Work task: Keep images out and repeat all data exactly.

Dataset content:
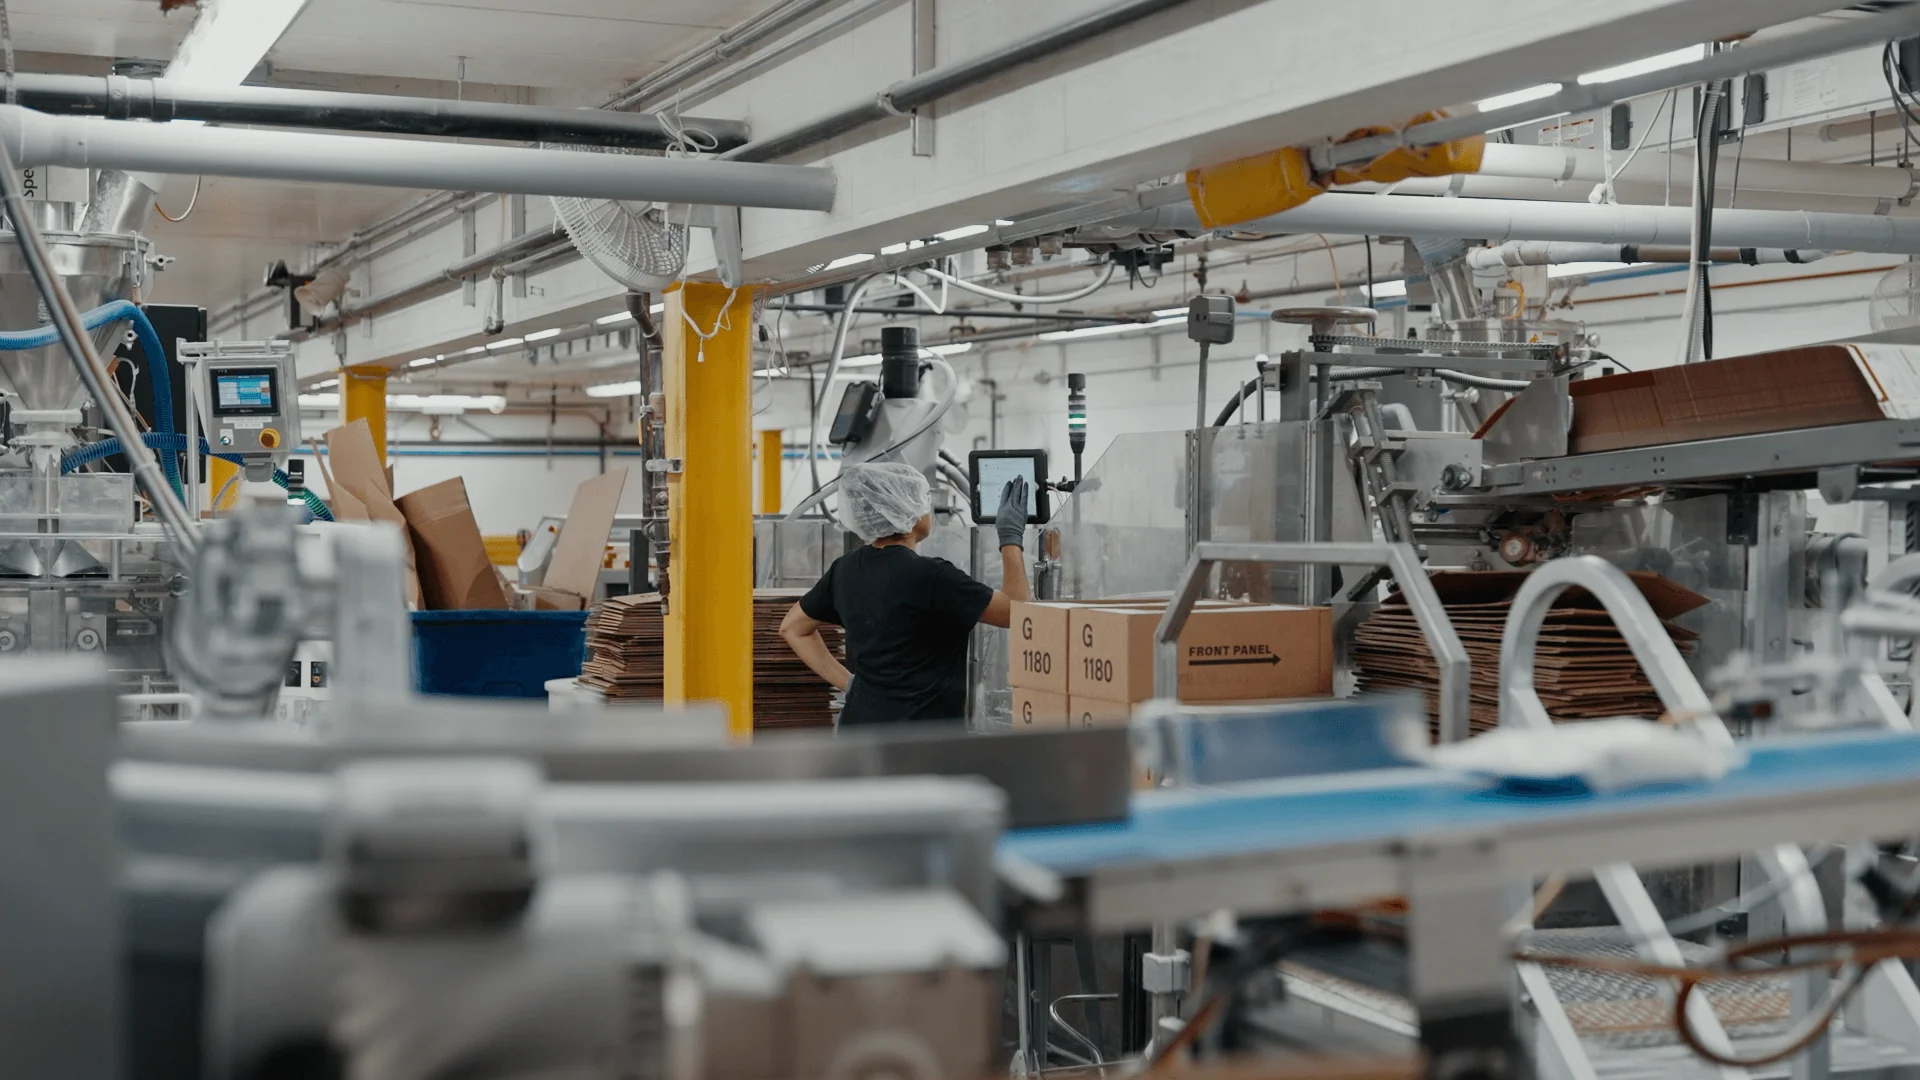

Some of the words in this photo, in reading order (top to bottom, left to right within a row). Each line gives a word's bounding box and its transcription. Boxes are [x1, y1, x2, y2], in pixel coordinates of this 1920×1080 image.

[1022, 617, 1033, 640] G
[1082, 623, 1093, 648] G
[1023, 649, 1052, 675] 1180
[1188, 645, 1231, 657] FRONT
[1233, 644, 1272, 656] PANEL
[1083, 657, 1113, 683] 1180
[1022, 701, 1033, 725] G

Task response:
Some of the words in this photo, in reading order (top to bottom, left to right within a row). Each line gives a word's bounding box and its transcription. Boxes are [x1, y1, x2, y2], in pixel coordinates of this 1920×1080 image.

[1022, 617, 1033, 640] G
[1082, 623, 1093, 648] G
[1023, 649, 1052, 675] 1180
[1188, 645, 1231, 657] FRONT
[1233, 644, 1272, 656] PANEL
[1083, 657, 1113, 683] 1180
[1022, 701, 1033, 725] G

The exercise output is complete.